[Collected data]
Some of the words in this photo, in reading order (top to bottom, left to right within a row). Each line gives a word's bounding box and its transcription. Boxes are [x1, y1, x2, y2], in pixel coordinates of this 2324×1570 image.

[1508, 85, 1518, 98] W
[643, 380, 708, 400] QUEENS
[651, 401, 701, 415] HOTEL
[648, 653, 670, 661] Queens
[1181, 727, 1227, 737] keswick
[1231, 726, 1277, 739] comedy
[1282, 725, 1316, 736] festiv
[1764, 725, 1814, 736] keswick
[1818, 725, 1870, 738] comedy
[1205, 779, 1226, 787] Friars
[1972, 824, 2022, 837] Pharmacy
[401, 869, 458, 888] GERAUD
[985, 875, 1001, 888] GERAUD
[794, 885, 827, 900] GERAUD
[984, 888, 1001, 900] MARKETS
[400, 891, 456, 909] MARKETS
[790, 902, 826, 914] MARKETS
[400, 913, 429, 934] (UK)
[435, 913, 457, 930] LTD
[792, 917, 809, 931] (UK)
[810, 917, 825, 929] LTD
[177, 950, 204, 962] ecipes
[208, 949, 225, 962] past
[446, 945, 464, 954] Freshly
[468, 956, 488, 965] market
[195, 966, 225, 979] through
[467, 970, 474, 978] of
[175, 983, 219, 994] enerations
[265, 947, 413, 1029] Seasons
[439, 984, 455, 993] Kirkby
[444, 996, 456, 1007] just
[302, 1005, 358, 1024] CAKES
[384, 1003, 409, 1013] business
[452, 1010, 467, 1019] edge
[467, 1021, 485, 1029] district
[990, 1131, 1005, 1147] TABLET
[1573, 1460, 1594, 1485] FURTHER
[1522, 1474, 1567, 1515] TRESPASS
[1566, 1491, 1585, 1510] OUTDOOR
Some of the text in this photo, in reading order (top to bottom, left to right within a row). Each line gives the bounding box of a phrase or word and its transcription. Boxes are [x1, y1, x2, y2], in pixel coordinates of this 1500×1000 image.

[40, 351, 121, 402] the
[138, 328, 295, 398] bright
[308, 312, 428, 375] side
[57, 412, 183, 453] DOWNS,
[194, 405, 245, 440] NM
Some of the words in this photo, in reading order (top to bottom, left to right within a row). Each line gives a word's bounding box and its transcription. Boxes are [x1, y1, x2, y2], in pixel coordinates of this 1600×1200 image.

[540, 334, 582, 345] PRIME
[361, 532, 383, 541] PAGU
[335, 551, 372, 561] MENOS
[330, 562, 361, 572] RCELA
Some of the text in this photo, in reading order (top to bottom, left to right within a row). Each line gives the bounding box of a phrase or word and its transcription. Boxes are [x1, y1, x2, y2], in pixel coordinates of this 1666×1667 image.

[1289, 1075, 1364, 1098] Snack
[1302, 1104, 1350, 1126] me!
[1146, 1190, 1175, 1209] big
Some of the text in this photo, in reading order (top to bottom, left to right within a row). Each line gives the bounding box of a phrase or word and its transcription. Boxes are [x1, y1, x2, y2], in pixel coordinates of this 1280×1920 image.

**Your assignment**. Copy all the records above exactly, missing none.

**Answer below**.
Some of the words in this photo, in reading order (top to bottom, left to right within a row). Each line gives a word's bounding box and its transcription. Boxes are [x1, y1, x2, y2], in pixel coordinates of this 2324×1570 image.

[1508, 85, 1518, 98] W
[643, 380, 708, 400] QUEENS
[651, 401, 701, 415] HOTEL
[648, 653, 670, 661] Queens
[1181, 727, 1227, 737] keswick
[1231, 726, 1277, 739] comedy
[1282, 725, 1316, 736] festiv
[1764, 725, 1814, 736] keswick
[1818, 725, 1870, 738] comedy
[1205, 779, 1226, 787] Friars
[1972, 824, 2022, 837] Pharmacy
[401, 869, 458, 888] GERAUD
[985, 875, 1001, 888] GERAUD
[794, 885, 827, 900] GERAUD
[984, 888, 1001, 900] MARKETS
[400, 891, 456, 909] MARKETS
[790, 902, 826, 914] MARKETS
[400, 913, 429, 934] (UK)
[435, 913, 457, 930] LTD
[792, 917, 809, 931] (UK)
[810, 917, 825, 929] LTD
[177, 950, 204, 962] ecipes
[208, 949, 225, 962] past
[446, 945, 464, 954] Freshly
[468, 956, 488, 965] market
[195, 966, 225, 979] through
[467, 970, 474, 978] of
[175, 983, 219, 994] enerations
[265, 947, 413, 1029] Seasons
[439, 984, 455, 993] Kirkby
[444, 996, 456, 1007] just
[302, 1005, 358, 1024] CAKES
[384, 1003, 409, 1013] business
[452, 1010, 467, 1019] edge
[467, 1021, 485, 1029] district
[990, 1131, 1005, 1147] TABLET
[1573, 1460, 1594, 1485] FURTHER
[1522, 1474, 1567, 1515] TRESPASS
[1566, 1491, 1585, 1510] OUTDOOR
Some of the text in this photo, in reading order (top to bottom, left to right within a row). Each line gives the bounding box of a phrase or word and its transcription. Boxes are [x1, y1, x2, y2], in pixel coordinates of this 1500×1000 image.

[40, 351, 121, 402] the
[138, 328, 295, 398] bright
[308, 312, 428, 375] side
[57, 412, 183, 453] DOWNS,
[194, 405, 245, 440] NM
Some of the words in this photo, in reading order (top to bottom, left to right within a row). Each line gives a word's bounding box and its transcription. Boxes are [x1, y1, x2, y2], in pixel coordinates of this 1600×1200 image.

[540, 334, 582, 345] PRIME
[361, 532, 383, 541] PAGU
[335, 551, 372, 561] MENOS
[330, 562, 361, 572] RCELA
Some of the text in this photo, in reading order (top to bottom, left to right within a row). Each line gives the bounding box of a phrase or word and its transcription. Boxes are [x1, y1, x2, y2], in pixel coordinates of this 1666×1667 image.

[1289, 1075, 1364, 1098] Snack
[1302, 1104, 1350, 1126] me!
[1146, 1190, 1175, 1209] big
Some of the text in this photo, in reading order (top to bottom, left to right within a row). Each line gives the bounding box of a phrase or word and its transcription. Boxes are [x1, y1, x2, y2], in pixel coordinates of this 1280×1920 image.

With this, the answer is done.